/openshift-probes-workshop

A sandbox for OpenShift users to test out different liveness/readiness probe failure conditions.

Primary LanguagePythonMIT LicenseMIT

Openshift Probes Self-Led Workshop

The intent of this workshop is to provide a hands-on look into OpenShift/Kubernetes probes.

Prerequisites

  • You have an OpenShift cluster with access to Github.
  • You have a namespace to create the workshop in.
  • You have the OpenShift Client (oc) and jq installed.

Workarounds

  • If you do not have access to Github from your OpenShift cluster, then clone the repository locally and push it to your own registry. You'll need to adjust the workshop creation command to point to your mirrored repository.
  • If you do not have access to the python image stream on OpenShift, you'll need to create your own image or use a python image that has python 3.6+ available. Your image will need to run pip install -r requirements.txt and the command will be python app.py.

Create the workshop

While logged into an OpenShift cluster, run oc new-app python~https://github.com/brandisher/openshift-probes-workshop.git --name=workshop.

Delete the workshop

Run oc delete all -l app=workshop to delete all of the resources created for this specific app. This can be done as a reset between testing each scenario or at the end of testing all of the scenarios as a clean up step.

Start

What does a successful readiness probe look like?
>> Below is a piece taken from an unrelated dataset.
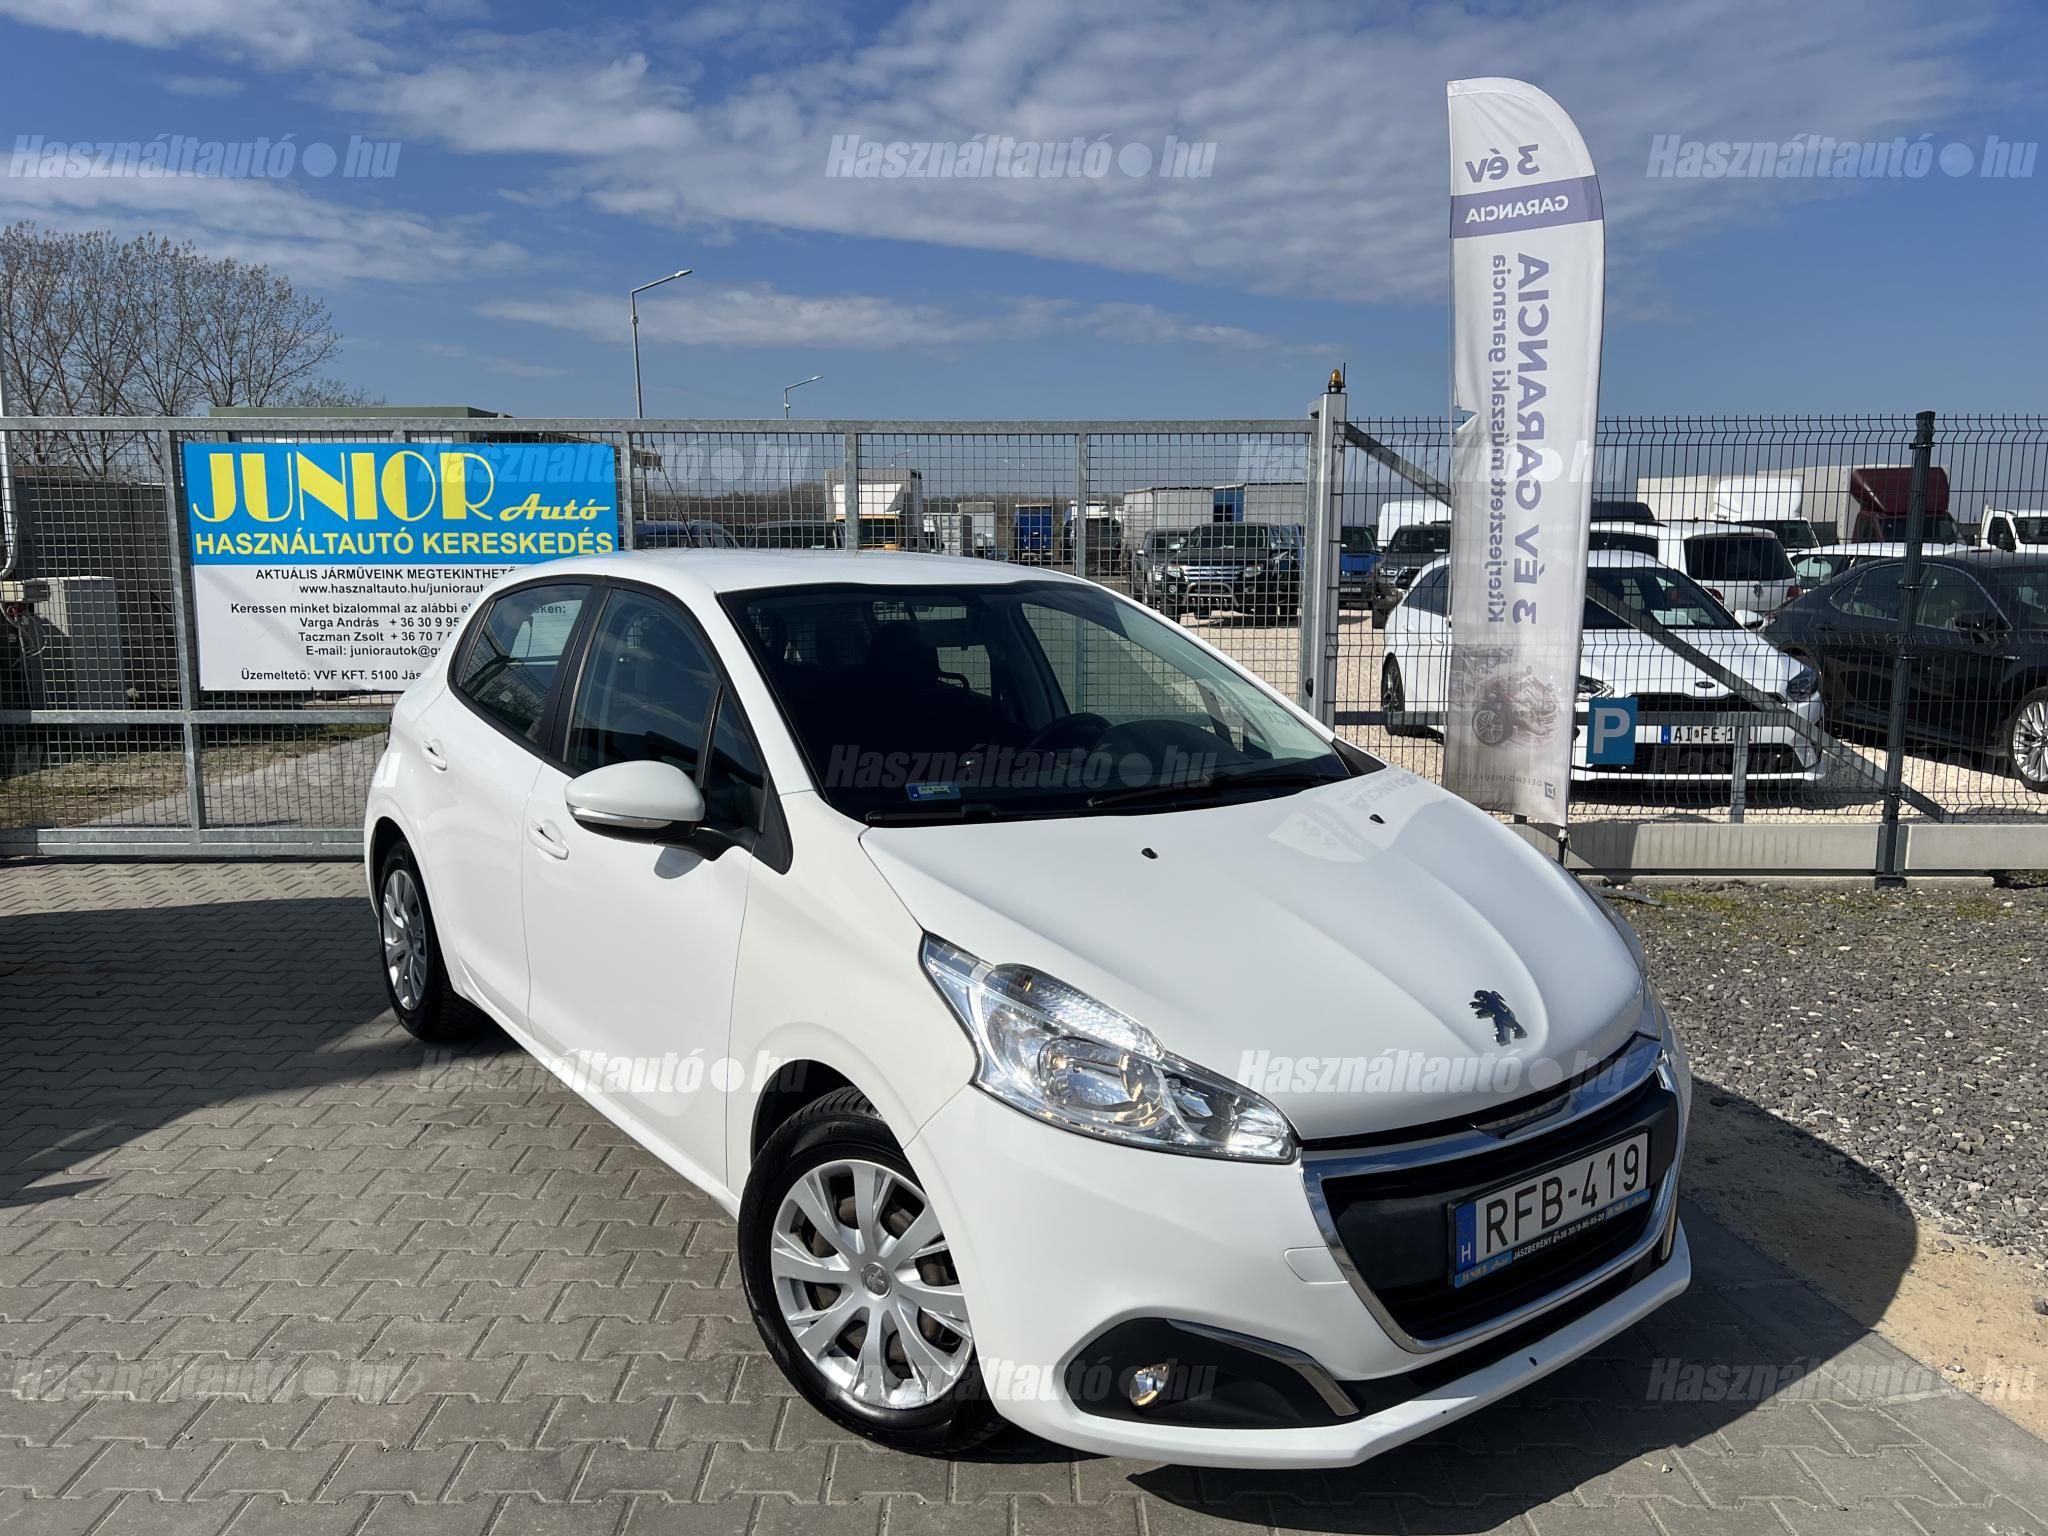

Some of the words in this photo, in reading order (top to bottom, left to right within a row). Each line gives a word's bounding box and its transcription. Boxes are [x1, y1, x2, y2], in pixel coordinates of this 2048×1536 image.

First, let's start by creating a successful readiness probe.

$ oc set probe dc/workshop --readiness --get-url=http://:8080

This will set the readiness probe to check http://[pod IP]:8080 in the container defined in the deployment configuration. The next step is to check the deploymentconfig to see what was actually created.

$ oc get dc -o yaml | grep readiness -A 8
          readinessProbe:
            failureThreshold: 3
            httpGet:
              path: /
              port: 8080
              scheme: HTTP
            periodSeconds: 10
            successThreshold: 1
            timeoutSeconds: 1

Openshift has some helpful defaults that may vary a bit depending on what version you're running, but generally it should look like the above example. Next, we'll break down what we're seeing in this YAML.

readinessProbe: - This is the probe type and is the start of the YAML stanza that defines its configuration. If you set a liveness probe, you'll see livenessProbe:.

failureThreshold: 3 - This is the number of times the probe can fail before being considered a confirmed failure which generates an event. "3" is the default.

httpGet: - This is the method used to check the application. In addition to http, there are also container execution checks and tcp socket checks.

path: / - This is the application path that will be probed.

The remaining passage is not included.